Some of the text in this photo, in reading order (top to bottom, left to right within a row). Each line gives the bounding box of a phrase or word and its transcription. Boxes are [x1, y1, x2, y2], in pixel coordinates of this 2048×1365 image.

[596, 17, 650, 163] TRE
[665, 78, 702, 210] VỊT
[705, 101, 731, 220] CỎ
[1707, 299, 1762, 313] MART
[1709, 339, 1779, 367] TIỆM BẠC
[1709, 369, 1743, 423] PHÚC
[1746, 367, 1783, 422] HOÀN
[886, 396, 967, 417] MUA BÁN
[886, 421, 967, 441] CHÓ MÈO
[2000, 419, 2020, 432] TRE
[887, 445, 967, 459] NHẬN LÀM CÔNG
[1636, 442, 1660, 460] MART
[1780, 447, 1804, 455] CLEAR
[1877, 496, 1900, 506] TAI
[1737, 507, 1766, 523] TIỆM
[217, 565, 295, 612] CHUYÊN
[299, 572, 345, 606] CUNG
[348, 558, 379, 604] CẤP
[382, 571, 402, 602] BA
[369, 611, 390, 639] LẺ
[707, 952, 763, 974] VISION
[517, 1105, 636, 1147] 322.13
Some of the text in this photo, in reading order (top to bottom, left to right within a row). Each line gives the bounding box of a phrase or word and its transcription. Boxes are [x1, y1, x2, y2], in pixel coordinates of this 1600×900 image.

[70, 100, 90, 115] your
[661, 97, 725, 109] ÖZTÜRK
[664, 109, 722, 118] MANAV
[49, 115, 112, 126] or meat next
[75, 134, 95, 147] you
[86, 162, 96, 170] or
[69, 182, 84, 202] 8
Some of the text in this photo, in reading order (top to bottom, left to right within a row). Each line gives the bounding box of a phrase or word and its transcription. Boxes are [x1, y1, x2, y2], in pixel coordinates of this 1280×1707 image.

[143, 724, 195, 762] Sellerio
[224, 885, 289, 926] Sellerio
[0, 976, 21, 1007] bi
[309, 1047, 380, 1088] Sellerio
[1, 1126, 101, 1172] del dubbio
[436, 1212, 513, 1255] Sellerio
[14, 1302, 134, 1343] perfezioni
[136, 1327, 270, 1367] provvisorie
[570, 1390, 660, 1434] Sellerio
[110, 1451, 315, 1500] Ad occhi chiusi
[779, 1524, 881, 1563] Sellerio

## Problem to solve
Return each entry from the material above exactly as it appears.

## Result for this task
Some of the text in this photo, in reading order (top to bottom, left to right within a row). Each line gives the bounding box of a phrase or word and its transcription. Boxes are [x1, y1, x2, y2], in pixel coordinates of this 2048×1365 image.

[596, 17, 650, 163] TRE
[665, 78, 702, 210] VỊT
[705, 101, 731, 220] CỎ
[1707, 299, 1762, 313] MART
[1709, 339, 1779, 367] TIỆM BẠC
[1709, 369, 1743, 423] PHÚC
[1746, 367, 1783, 422] HOÀN
[886, 396, 967, 417] MUA BÁN
[886, 421, 967, 441] CHÓ MÈO
[2000, 419, 2020, 432] TRE
[887, 445, 967, 459] NHẬN LÀM CÔNG
[1636, 442, 1660, 460] MART
[1780, 447, 1804, 455] CLEAR
[1877, 496, 1900, 506] TAI
[1737, 507, 1766, 523] TIỆM
[217, 565, 295, 612] CHUYÊN
[299, 572, 345, 606] CUNG
[348, 558, 379, 604] CẤP
[382, 571, 402, 602] BA
[369, 611, 390, 639] LẺ
[707, 952, 763, 974] VISION
[517, 1105, 636, 1147] 322.13
Some of the text in this photo, in reading order (top to bottom, left to right within a row). Each line gives the bounding box of a phrase or word and its transcription. Boxes are [x1, y1, x2, y2], in pixel coordinates of this 1600×900 image.

[70, 100, 90, 115] your
[661, 97, 725, 109] ÖZTÜRK
[664, 109, 722, 118] MANAV
[49, 115, 112, 126] or meat next
[75, 134, 95, 147] you
[86, 162, 96, 170] or
[69, 182, 84, 202] 8
Some of the text in this photo, in reading order (top to bottom, left to right within a row). Each line gives the bounding box of a phrase or word and its transcription. Boxes are [x1, y1, x2, y2], in pixel coordinates of this 1280×1707 image.

[143, 724, 195, 762] Sellerio
[224, 885, 289, 926] Sellerio
[0, 976, 21, 1007] bi
[309, 1047, 380, 1088] Sellerio
[1, 1126, 101, 1172] del dubbio
[436, 1212, 513, 1255] Sellerio
[14, 1302, 134, 1343] perfezioni
[136, 1327, 270, 1367] provvisorie
[570, 1390, 660, 1434] Sellerio
[110, 1451, 315, 1500] Ad occhi chiusi
[779, 1524, 881, 1563] Sellerio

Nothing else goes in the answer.